That there was no pending criminal case against the complainant did not make the order against him any less an
order of arrest, contrary to the opinion of DILG.

On the other hand, the issuance of the warrant when there was before him no criminal case, but only a land dispute
as it is now being made to appear, only made it worse for the mayor, for it would then appear that he assumed a
judicial function which even a judge could not have done. All the more, therefore, respondent judge should not have
dismissed the criminal case against the mayor.

It cannot be pretended that Mayor Irisari merely intended to invite or summon Muñez to his office because he had
precisely done this the day before he issued the warrant of arrest, and he ordered the arrest of complainant because
the latter had refused to appear before him. The summons issued by Mayor Irisari shows clearly that he understood
the difference between a summons and a warrant of arrest. The summons read:

Republic of the Philippines

Office of the Mayor



TO: Mr. Apolinario Muñez

Loreto, Agusan del Sur

G R E E T I N G S:

You are hereby demanded to appear before the Office of the Municipal Mayor on 27 December 1989 at
around 9:30 A.M. then and there to answer in an inquiry/investigation in connection with a certain
complaint of Mr. Tirso Amado lodged in this office.

PLEASE FAIL NOT under the penalty of the law.

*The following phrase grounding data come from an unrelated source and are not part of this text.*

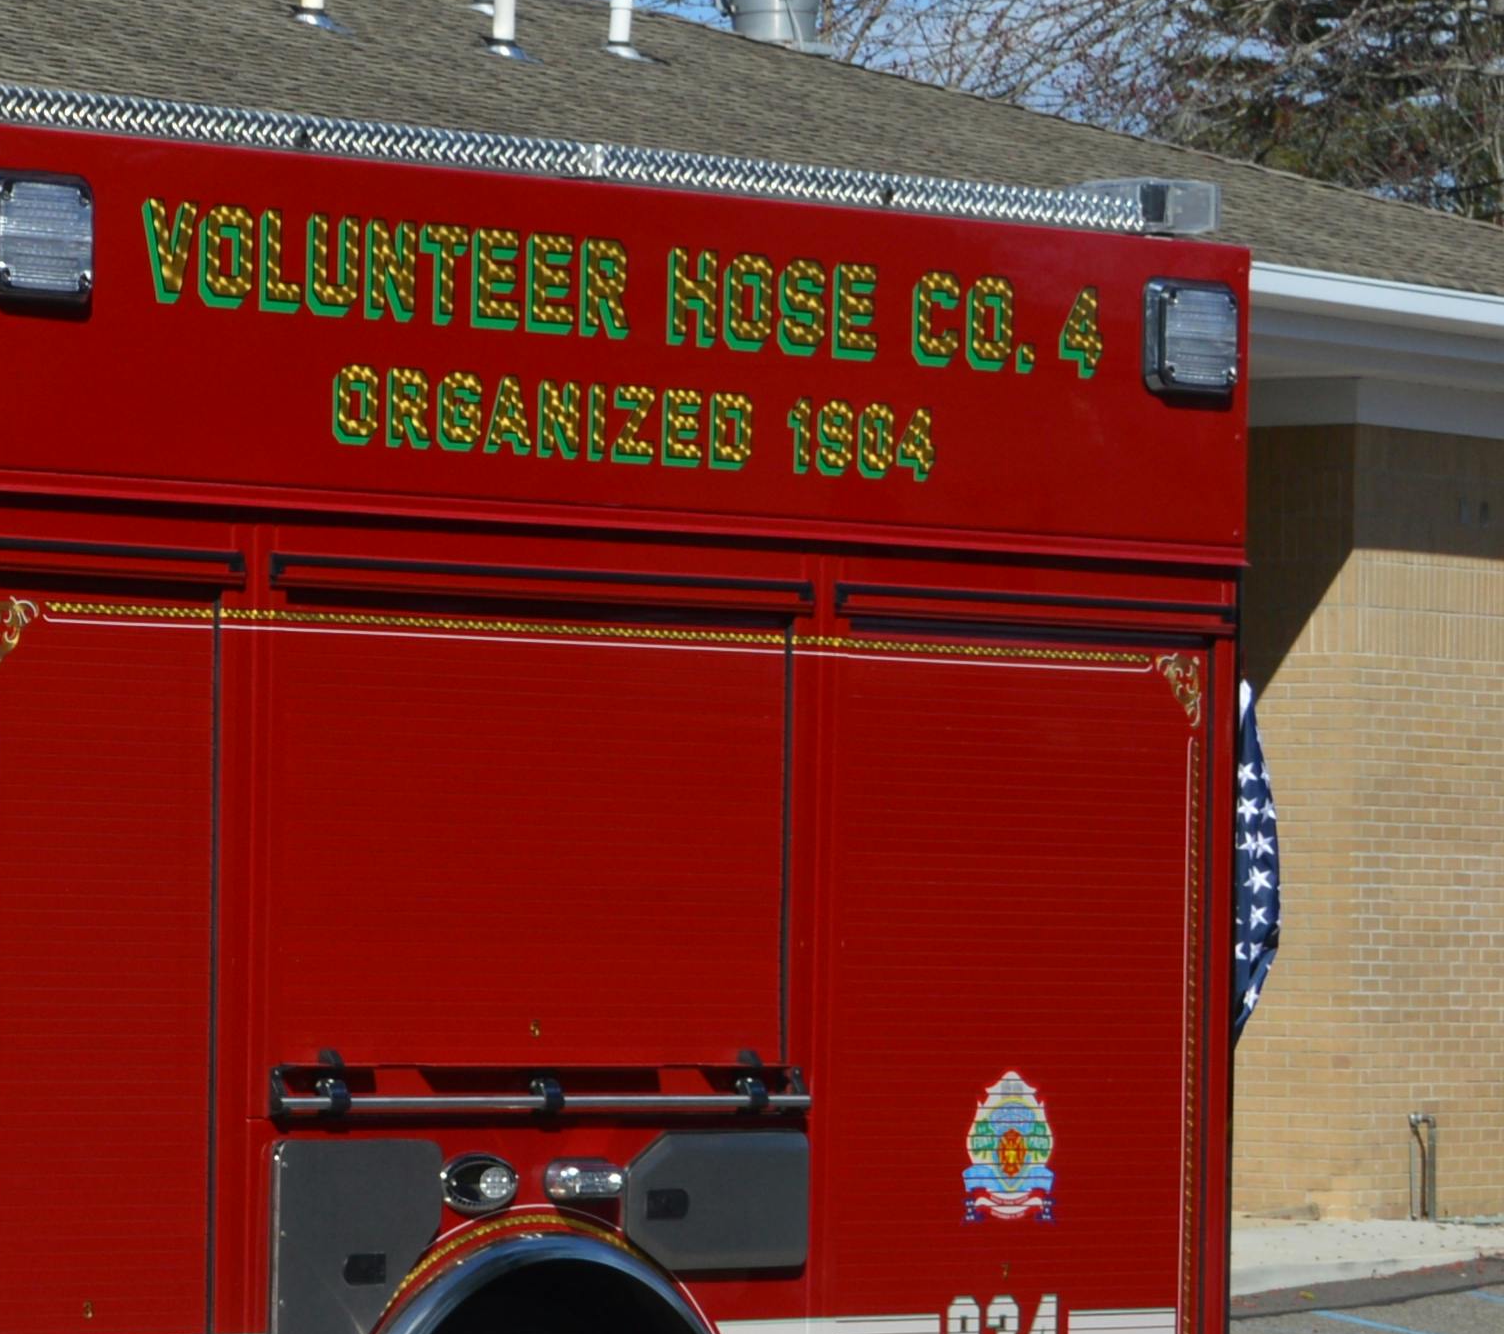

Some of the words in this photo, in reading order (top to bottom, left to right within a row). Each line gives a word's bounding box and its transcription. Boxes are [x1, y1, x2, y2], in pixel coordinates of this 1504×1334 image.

[141, 197, 630, 339] VOLUNTEER
[666, 247, 878, 361] HOSE
[911, 271, 1035, 374] CO.
[1057, 287, 1104, 379] 4
[332, 364, 755, 471] ORGANIZED
[787, 396, 936, 483] 1904
[82, 1300, 94, 1319] 3

Loreto, Agusan del Sur, Philippines.

Municipal Mayor

Indeed, respondent had previously denied the motion to dismiss which the accused Mayor Irisari had filed on the
ground that the authority (B.P. Blg. 337, § 143[3]) invoked by him as basis for his warrant of arrest had been
abrogated by the Constitution. He subsequently reversed himself on the ground that the decision of the DILG,
finding Mayor Irisari not guilty, "must be respected." He said, "Courts are not bound by findings of administrative
agencies like the DILG as in this case if such findings are tainted with unfairness and there is arbitrary action or
palpable serious error." Since the DILG decision was not so tainted, "therefore, it must be respected."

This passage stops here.